Anchored to Truth

The uncertain cultural waters in which we now find ourselves have been a long time in the making. The forces that we witness tearing at the moral fiber of our nation, it institutions, communities, Churches, and families have been quietly building for some time now. Maybe not quite so concerning as the idea of relative truth.
Thirty years ago Americans were asked, “Do you agree strongly, agree somewhat, disagree somewhat, or disagree strongly with the following statement: There is no such thing as absolute truth; different people can define truth in conflicting ways and still be correct.” Only 28% of the respondents expressed strong belief in “absolute truth,” and more surprisingly, only 23 percent of born-again or evangelical Christians accepted this idea!

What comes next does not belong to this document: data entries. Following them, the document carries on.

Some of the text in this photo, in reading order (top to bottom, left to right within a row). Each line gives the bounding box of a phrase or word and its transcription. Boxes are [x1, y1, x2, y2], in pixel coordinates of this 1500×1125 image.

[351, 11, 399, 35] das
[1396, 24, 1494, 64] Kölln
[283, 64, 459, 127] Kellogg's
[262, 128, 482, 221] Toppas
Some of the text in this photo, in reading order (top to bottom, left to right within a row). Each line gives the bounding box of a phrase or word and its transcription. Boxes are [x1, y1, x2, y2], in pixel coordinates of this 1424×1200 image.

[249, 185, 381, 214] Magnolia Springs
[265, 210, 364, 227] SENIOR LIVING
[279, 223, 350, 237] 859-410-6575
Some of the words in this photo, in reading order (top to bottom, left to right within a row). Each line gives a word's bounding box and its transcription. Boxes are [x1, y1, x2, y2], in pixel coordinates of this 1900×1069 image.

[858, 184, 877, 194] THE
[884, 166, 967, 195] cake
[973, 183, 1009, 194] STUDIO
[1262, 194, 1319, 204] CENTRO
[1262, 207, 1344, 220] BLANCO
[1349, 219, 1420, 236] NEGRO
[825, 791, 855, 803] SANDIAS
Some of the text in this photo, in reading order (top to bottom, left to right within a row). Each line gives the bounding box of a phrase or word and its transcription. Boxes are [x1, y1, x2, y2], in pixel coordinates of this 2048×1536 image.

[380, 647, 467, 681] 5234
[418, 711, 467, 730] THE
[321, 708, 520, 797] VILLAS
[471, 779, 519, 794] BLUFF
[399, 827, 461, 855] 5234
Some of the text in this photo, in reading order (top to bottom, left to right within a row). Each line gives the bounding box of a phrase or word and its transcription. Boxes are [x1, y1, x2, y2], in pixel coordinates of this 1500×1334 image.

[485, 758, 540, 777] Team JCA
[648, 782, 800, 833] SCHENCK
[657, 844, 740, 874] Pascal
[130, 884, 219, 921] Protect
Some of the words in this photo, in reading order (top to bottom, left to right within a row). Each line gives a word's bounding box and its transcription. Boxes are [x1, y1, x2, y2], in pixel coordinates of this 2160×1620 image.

It was a telling revelation! If more than 75 percent of the followers of Christ say nothing can  be known for certain, does this indicate, as it seems, that they are not convinced that Jesus existed, that He is who He claimed to be, that His Word in authentic, that God created the heavens and earth, or that eternal life awaits the believer? That’s what the findings appear to mean. If there is no absolute truth, then by definition nothing can be said to be absolutely true.
Today we are witnesses of a wide section of culture that believes it’s all relative. Nothing is certain. Might be. Might not be. Who knows for sure? Take your guess and hope for the best, and that foundation is one of the major contributors to the increasing cultural unrest we witness in the world and Church today.